Crédit photo: Mathieu Delmestre
Communiqué de Jean-François Martins
Heureusement pour Madame Kosciusko-Morizet le débat n'a duré qu'une heure ! Car en seulement 60
minutes, les Parisiens ont déjà eu un aperçu assez précis de son amateurisme, de ses mensonges et de
son projet rétrograde.
Au fil du débat elle a montré son goût pour le dénigrement de Paris, notamment face à Londres, et
a refusé de reconnaitre que notre ville est dynamique, riche de ses créateurs et de ses
entrepreneurs, et qu'elle attire les touristes et les talents, comme le démontrent les études
internationales. Son déni des effets désastreux de sa politique pro-diesel et son évitement des
réponses sur ses accords indignes avec le clan Tiberi finiront, je le crois, de convaincre les
Parisiens de sa vacuité et de son insincérité.
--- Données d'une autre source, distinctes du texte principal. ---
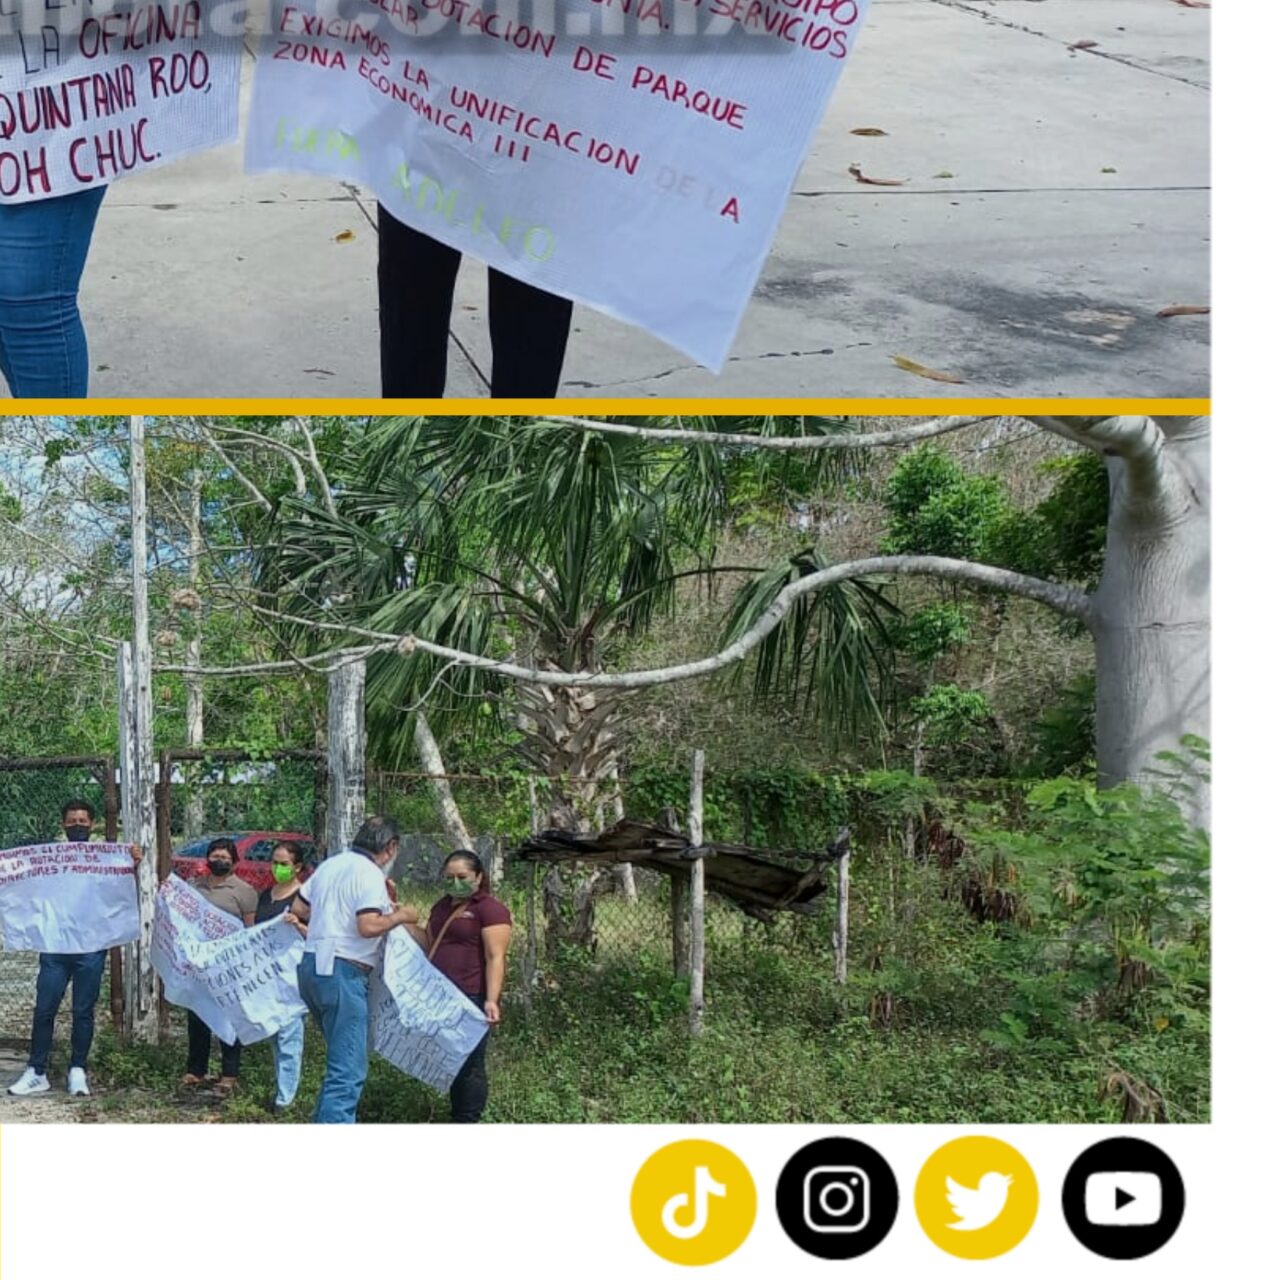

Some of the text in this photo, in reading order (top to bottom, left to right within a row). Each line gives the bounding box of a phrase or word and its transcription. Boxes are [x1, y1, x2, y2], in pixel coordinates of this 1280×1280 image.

[23, 27, 60, 73] LA
[78, 1, 200, 60] OFICINA
[274, 42, 475, 143] ZONA ECONOMICA
[280, 7, 640, 174] EXIGIMOS LA UNIFICACION
[573, 46, 616, 80] DE
[632, 66, 748, 129] PARQUE
[69, 119, 161, 183] CHUC.
De son coté, Anne Hidalgo a prouvé sa connaissance pointue des dossiers, son souci permanent de
la vérité et son autorité naturelle. Sur le logement, le dynamisme économique, les transports, la
sécurité, Anne Hidalgo a démontré qu'elle poursuit cette campagne comme elle l'a commencée : avec
sérieux, avec la passion de Paris et en s'adressant aux Parisiens pour leurs parler des sujets qui
les préoccupent.
Les Parisiens ont pu voir ce soir qu'une seule candidate est digne de leur confiance, digne de
Paris et prête à gouverner notre ville : Anne Hidalgo.